A large part of Milk's success, however, is its lack of self-importance. Van Sant has never been an overtly political filmmaker, and while Milk is a departure from his more experimental recent films, it works as well as it does because it grounds its politics in very personal terms. We're introduced to Harvey Milk (Sean Penn) on the eve of his fortieth birthday, as he picks up young Scott Smith (James Franco) in a subway station. Penn is immediately believable in the role, embodying Milk's sensitivity and puckish sense of humor and conveying, with a quick glance after a stolen kiss, the fear of being outed that even this strong advocate for the importance of coming out once felt. His performance is revelatory, never slipping into caricature and emphasizing Milk's overwhelming, almost compulsive, generosity of spirit (forced to drop his assholish persona, he's also geniunely sexy for the first time since At Close Range). He and Franco have strong chemistry - though the film is never sexually explicit, moments like the shot of Harvey and Scott, having moved to San Francisco, making out against the storefront of Harvey's photo shop have a relaxed, matter-of-fact intimacy that goes a long way towards normalizing representations of homosexuality. Harvey's shop becomes a haven for young gay men like future activist Cleve Jones (Emile Hirsch, sporting an excellent 'fro), and as Harvey is finally motivated to stand on a literal soapbox and announce his candidacy for local office, the film makes a strong case for the importance of activism not for the sake of political gain as expression of basic and unacknowledged human needs. The meticulously recreated protest marches later in the film (intercut with real footage from the era) owe their impact to the earlier scenes - political and personal revolution, to Van Sant, are the same thing.

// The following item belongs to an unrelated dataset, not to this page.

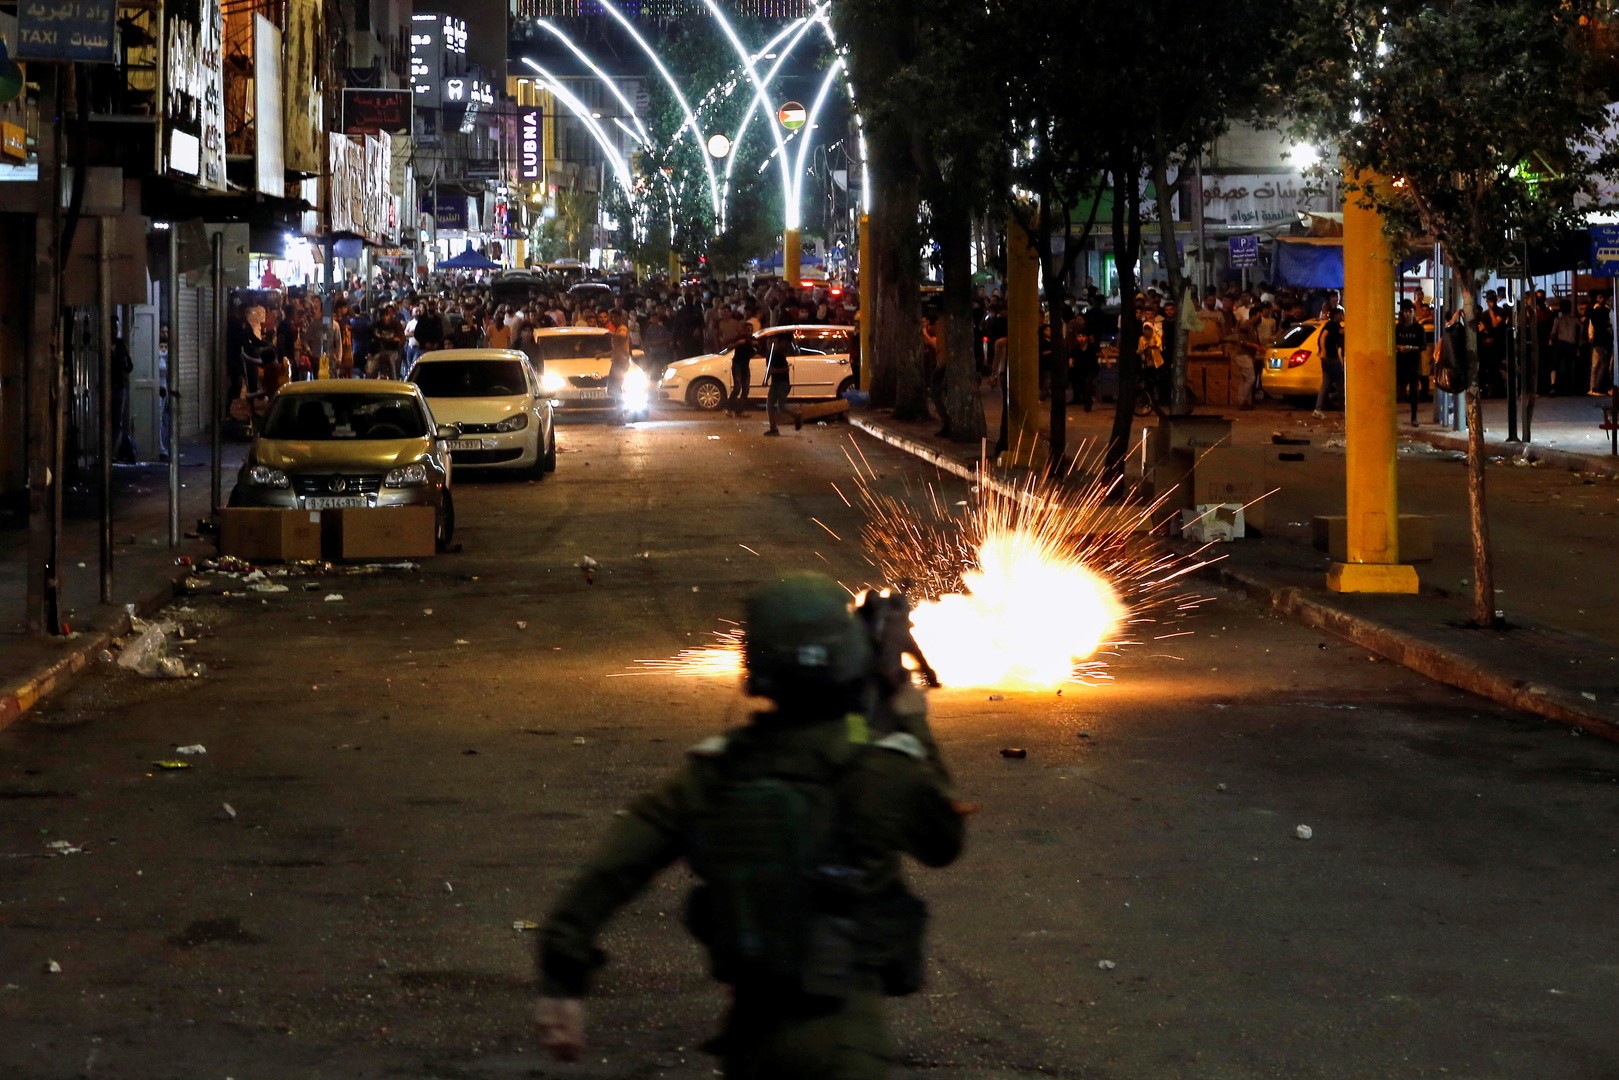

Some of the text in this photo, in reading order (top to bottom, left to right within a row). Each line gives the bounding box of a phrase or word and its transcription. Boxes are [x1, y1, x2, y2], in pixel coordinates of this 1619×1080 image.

[20, 29, 57, 44] TAXI
[523, 111, 537, 177] LUBNA
[1240, 238, 1247, 248] P
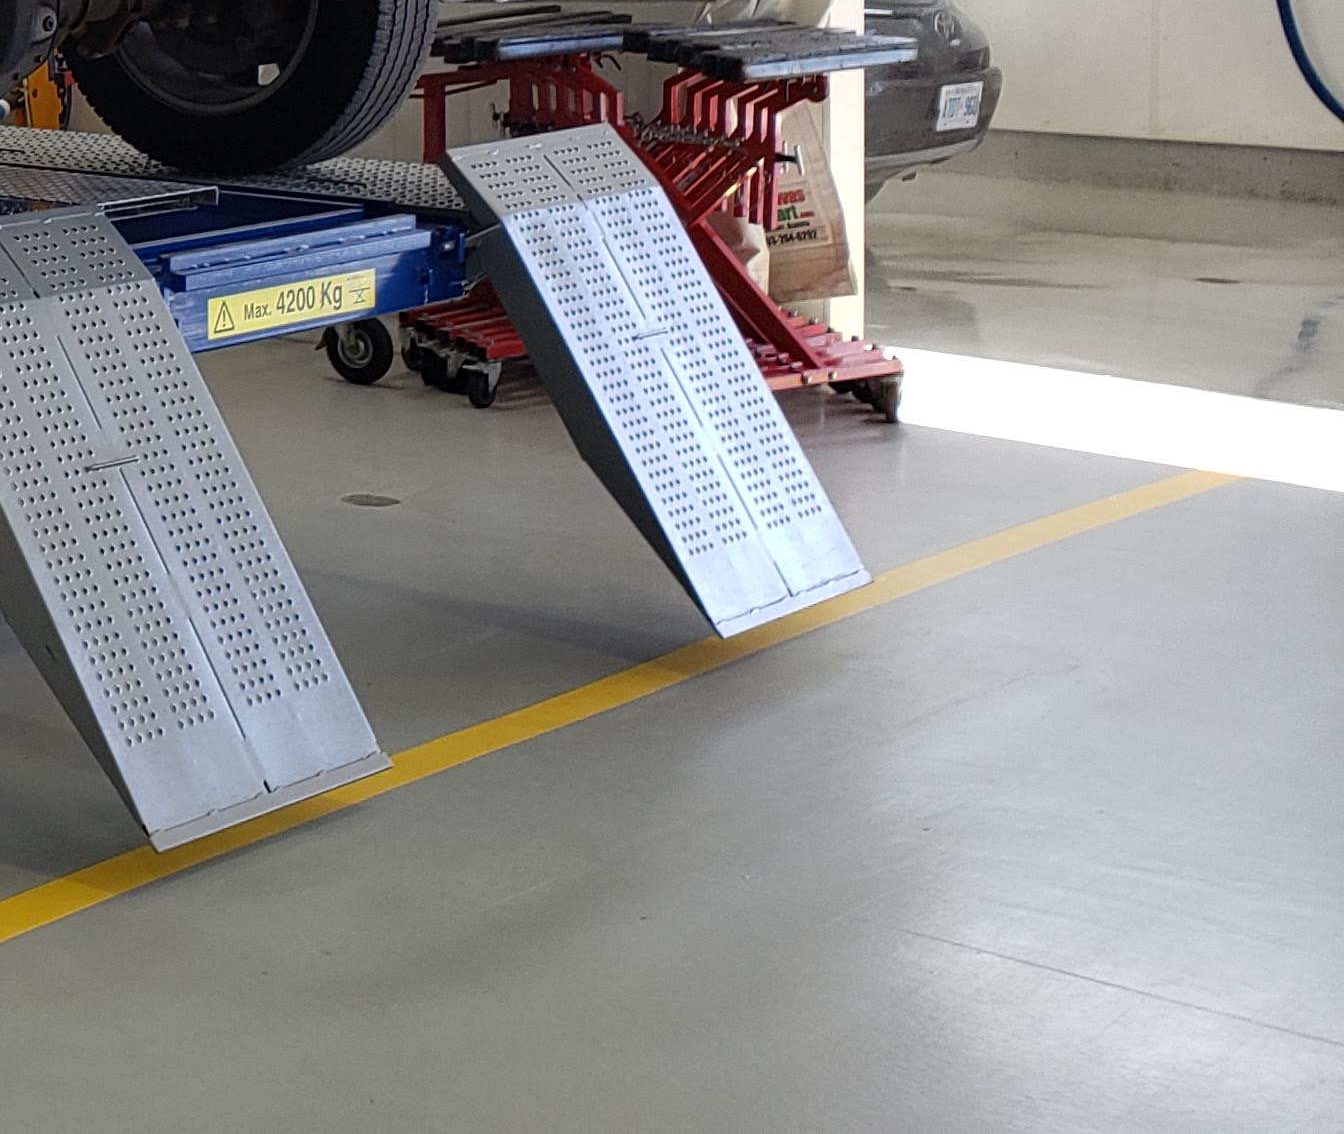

There's always a risk in telling the story of a slain hero of becoming pure hagiography, and the screenplay by Dustin Lance Black, while mostly successful, sometimes flirts with agitprop. Harvey's relationship with the troubled, jealous Jack Lira (Diego Luna) could have been a chance to explore the more complicated aspects of Harvey's role as Peter Pan to a generation of lost boys, but the script's narrative shortcuts and Luna's awkward performance diminish the emotional payoff. And two scenes involving a young, wheelchair-bound gay man, while based in fact, are clumsily manipulative and should have never made it past the first draft. The film is more nuanced in its depiction of Dan White (Josh Brolin), Harvey's fellow supervisor and, ultimately, the man who killed Milk and mayor George Moscone (Victor Garber). While it would have been easy to villify White as a caricature of a homophobe, Black and Van Sant try to understand him, portraying White as a man uncomfortable in his own skin and unable to shake an increasing feeling of disenfranchisement (I suspect a lot of white men feel the same way post-election). Brolin is excellent in the film's most challenging role, and Van Sant and DP Harris Savides frame Milk and White's scenes together in uncomfortably off-balance wide shots that emphasize the divide between one man trying to reach an understanding and another who is incapable or unwilling to understand. Milk's death scene is admirably restrained; as the frame rate subtly changes and the soundtrack drops out, Penn and Van Sant (referencing Milk's love of opera) give their hero a moment of grace as he dies alone and in the way he anticipated.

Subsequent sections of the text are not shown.